**TASK**
Leave the images aside and output every entry exactly.

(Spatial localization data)
--- START ---
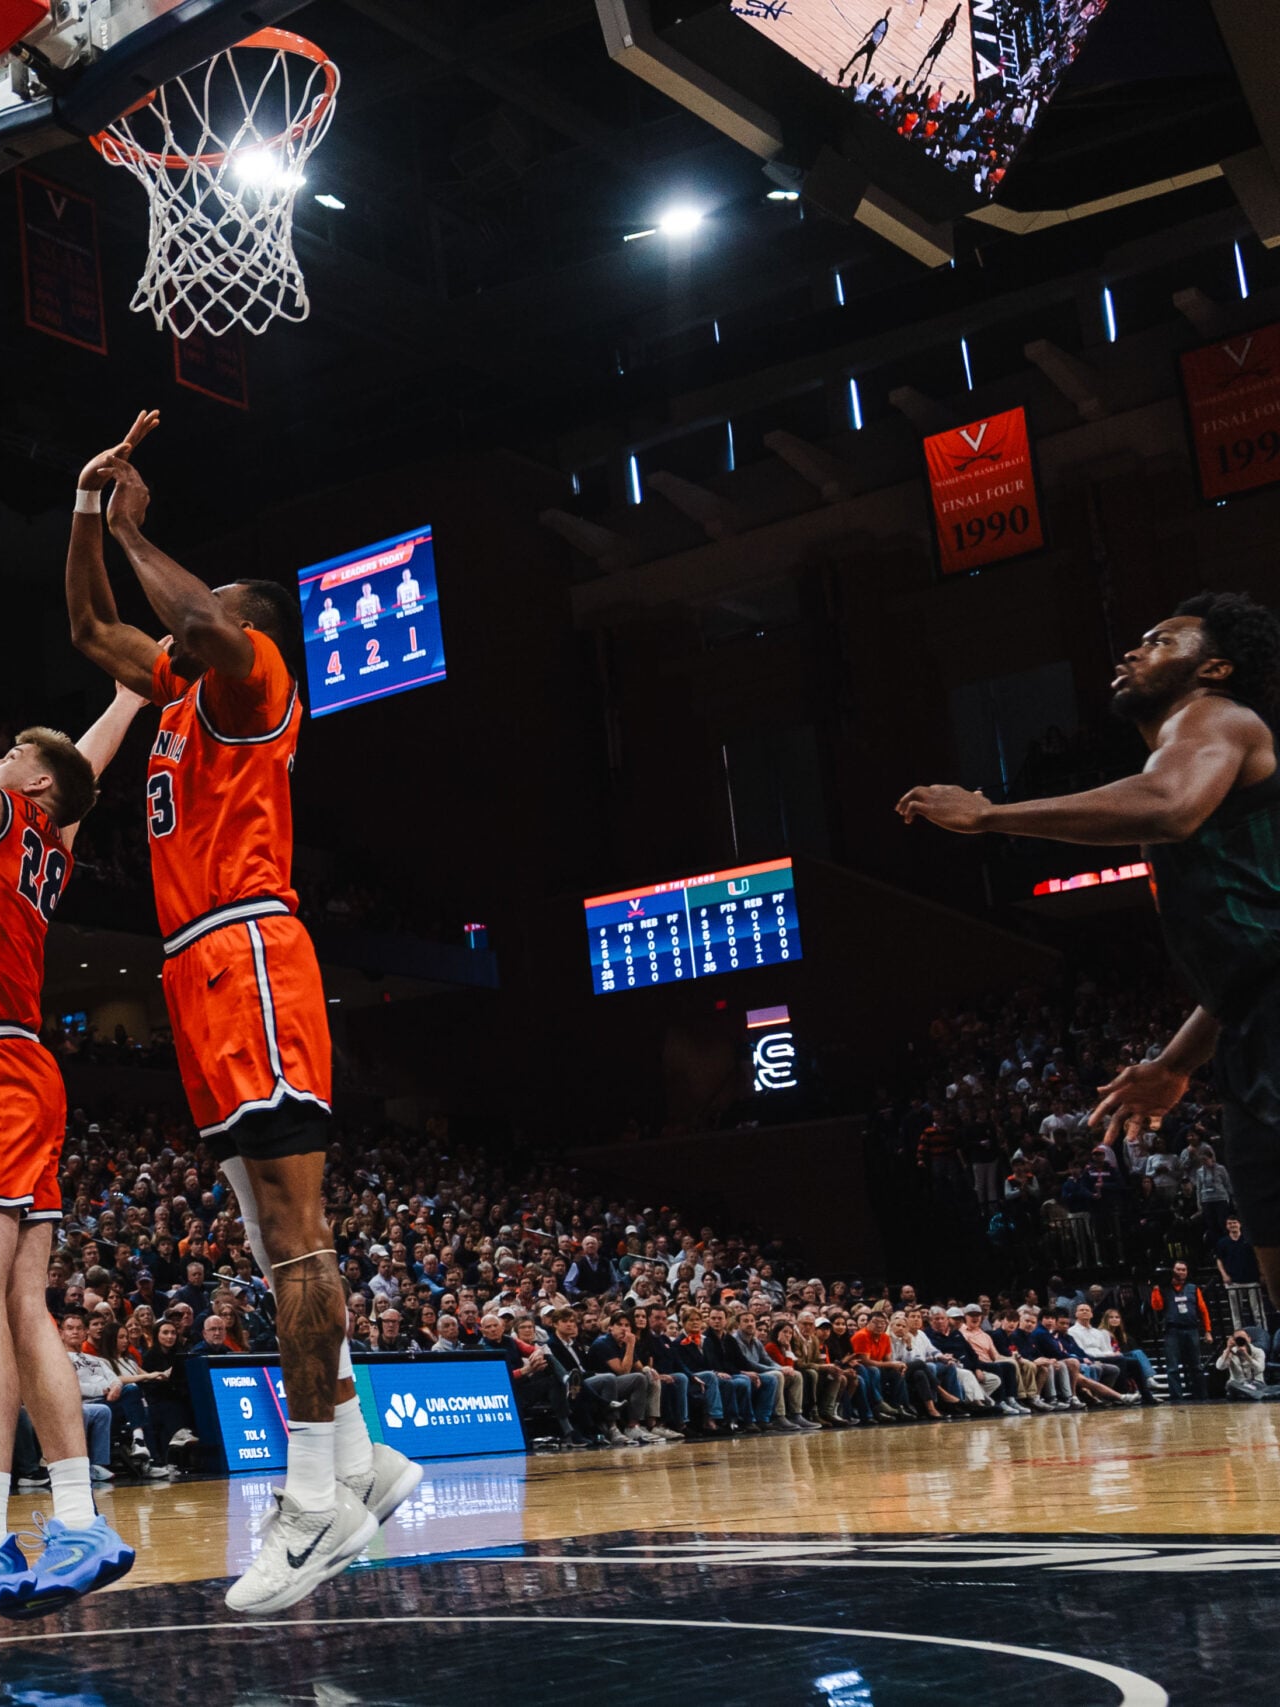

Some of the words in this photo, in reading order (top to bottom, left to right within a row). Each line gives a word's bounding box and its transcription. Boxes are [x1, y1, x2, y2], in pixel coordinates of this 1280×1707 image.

[1222, 336, 1254, 367] V
[958, 422, 988, 452] V
[942, 492, 984, 513] FINAL
[986, 479, 1025, 500] FOUR
[952, 505, 1030, 552] 1990
[341, 561, 377, 580] LEADERS
[378, 552, 405, 567] TODAY
[327, 650, 342, 675] 4
[366, 638, 381, 666] 2
[17, 826, 68, 924] 28
[727, 878, 750, 895] U
[720, 902, 737, 914] PTS
[744, 897, 763, 909] REB
[772, 893, 785, 904] PF
[618, 922, 634, 933] PTS
[640, 918, 658, 929] REB
[666, 913, 679, 924] PF
[701, 919, 709, 930] 3
[726, 915, 734, 925] 5
[751, 910, 758, 920] 0
[776, 905, 784, 915] 0
[702, 930, 710, 940] 5
[727, 926, 735, 936] 0
[752, 921, 760, 931] 1
[777, 916, 785, 926] 0
[601, 939, 608, 949] 2
[623, 934, 631, 945] 0
[647, 930, 654, 940] 0
[670, 926, 678, 935] 0
[602, 949, 609, 959] 5
[625, 945, 632, 954] 4
[648, 940, 655, 950] 0
[671, 936, 679, 946] 0
[704, 941, 711, 951] 7
[728, 936, 736, 946] 0
[753, 932, 761, 942] 0
[779, 927, 786, 937] 0
[730, 947, 737, 957] 0
[755, 943, 763, 953] 1
[780, 938, 788, 948] 0
[625, 955, 633, 965] 0
[649, 951, 657, 961] 0
[673, 947, 680, 956] 0
[627, 966, 634, 976] 2
[650, 962, 658, 971] 0
[674, 957, 681, 967] 0
[703, 962, 717, 973] 35
[731, 958, 739, 968] 0
[756, 954, 764, 964] 1
[781, 949, 789, 959] 0
[602, 980, 615, 990] 33
[628, 976, 635, 986] 0
[651, 972, 659, 982] 0
[675, 968, 683, 977] 0
[222, 1376, 258, 1388] VIRGINIA
[239, 1397, 253, 1419] 9
[425, 1397, 449, 1412] UVA
[448, 1394, 509, 1411] COMMUNITY
[430, 1414, 471, 1426] CREDIT
[477, 1412, 512, 1423] UNION
[244, 1430, 260, 1441] TOL
[259, 1428, 266, 1440] 4
[239, 1448, 263, 1459] FOULS
[263, 1446, 271, 1458] 1
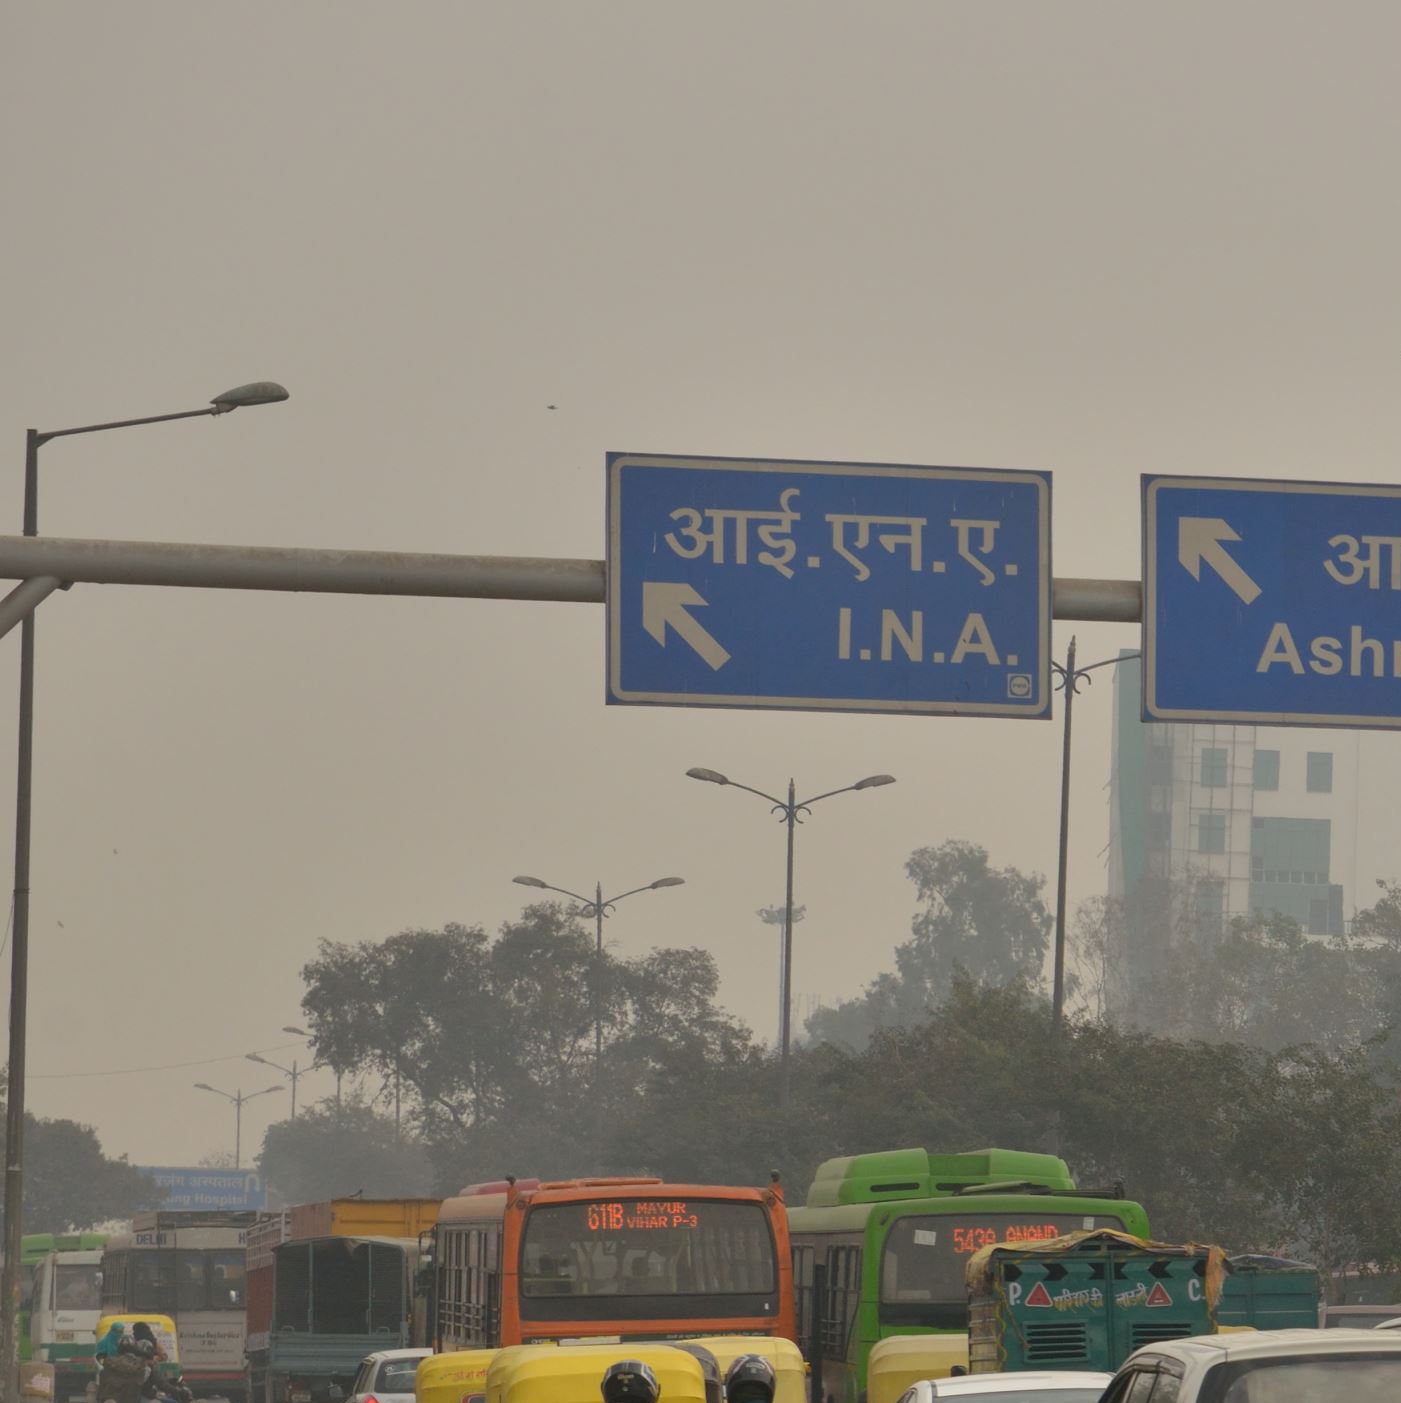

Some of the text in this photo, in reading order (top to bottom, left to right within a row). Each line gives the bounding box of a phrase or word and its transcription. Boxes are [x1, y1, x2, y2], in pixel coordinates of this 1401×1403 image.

[663, 488, 1018, 587] आई.एन.ए.
[838, 607, 1018, 666] I.N.A.
[194, 1193, 248, 1207] Hospital
[636, 1202, 686, 1215] MAYUR
[626, 1214, 698, 1229] VIHAR P-3
[136, 1233, 167, 1245] DELHI
--- END ---
**RESPONSE AREA**
Some of the words in this photo, in reading order (top to bottom, left to right within a row). Each line gives a word's bounding box and its transcription. Boxes are [x1, y1, x2, y2], in pixel coordinates of this 1280×1707 image.

[1222, 336, 1254, 367] V
[958, 422, 988, 452] V
[942, 492, 984, 513] FINAL
[986, 479, 1025, 500] FOUR
[952, 505, 1030, 552] 1990
[341, 561, 377, 580] LEADERS
[378, 552, 405, 567] TODAY
[327, 650, 342, 675] 4
[366, 638, 381, 666] 2
[17, 826, 68, 924] 28
[727, 878, 750, 895] U
[720, 902, 737, 914] PTS
[744, 897, 763, 909] REB
[772, 893, 785, 904] PF
[618, 922, 634, 933] PTS
[640, 918, 658, 929] REB
[666, 913, 679, 924] PF
[701, 919, 709, 930] 3
[726, 915, 734, 925] 5
[751, 910, 758, 920] 0
[776, 905, 784, 915] 0
[702, 930, 710, 940] 5
[727, 926, 735, 936] 0
[752, 921, 760, 931] 1
[777, 916, 785, 926] 0
[601, 939, 608, 949] 2
[623, 934, 631, 945] 0
[647, 930, 654, 940] 0
[670, 926, 678, 935] 0
[602, 949, 609, 959] 5
[625, 945, 632, 954] 4
[648, 940, 655, 950] 0
[671, 936, 679, 946] 0
[704, 941, 711, 951] 7
[728, 936, 736, 946] 0
[753, 932, 761, 942] 0
[779, 927, 786, 937] 0
[730, 947, 737, 957] 0
[755, 943, 763, 953] 1
[780, 938, 788, 948] 0
[625, 955, 633, 965] 0
[649, 951, 657, 961] 0
[673, 947, 680, 956] 0
[627, 966, 634, 976] 2
[650, 962, 658, 971] 0
[674, 957, 681, 967] 0
[703, 962, 717, 973] 35
[731, 958, 739, 968] 0
[756, 954, 764, 964] 1
[781, 949, 789, 959] 0
[602, 980, 615, 990] 33
[628, 976, 635, 986] 0
[651, 972, 659, 982] 0
[675, 968, 683, 977] 0
[222, 1376, 258, 1388] VIRGINIA
[239, 1397, 253, 1419] 9
[425, 1397, 449, 1412] UVA
[448, 1394, 509, 1411] COMMUNITY
[430, 1414, 471, 1426] CREDIT
[477, 1412, 512, 1423] UNION
[244, 1430, 260, 1441] TOL
[259, 1428, 266, 1440] 4
[239, 1448, 263, 1459] FOULS
[263, 1446, 271, 1458] 1

Some of the text in this photo, in reading order (top to bottom, left to right within a row). Each line gives the bounding box of a phrase or word and its transcription. Boxes are [x1, y1, x2, y2], in pixel coordinates of this 1401×1403 image.

[663, 488, 1018, 587] आई.एन.ए.
[838, 607, 1018, 666] I.N.A.
[194, 1193, 248, 1207] Hospital
[636, 1202, 686, 1215] MAYUR
[626, 1214, 698, 1229] VIHAR P-3
[136, 1233, 167, 1245] DELHI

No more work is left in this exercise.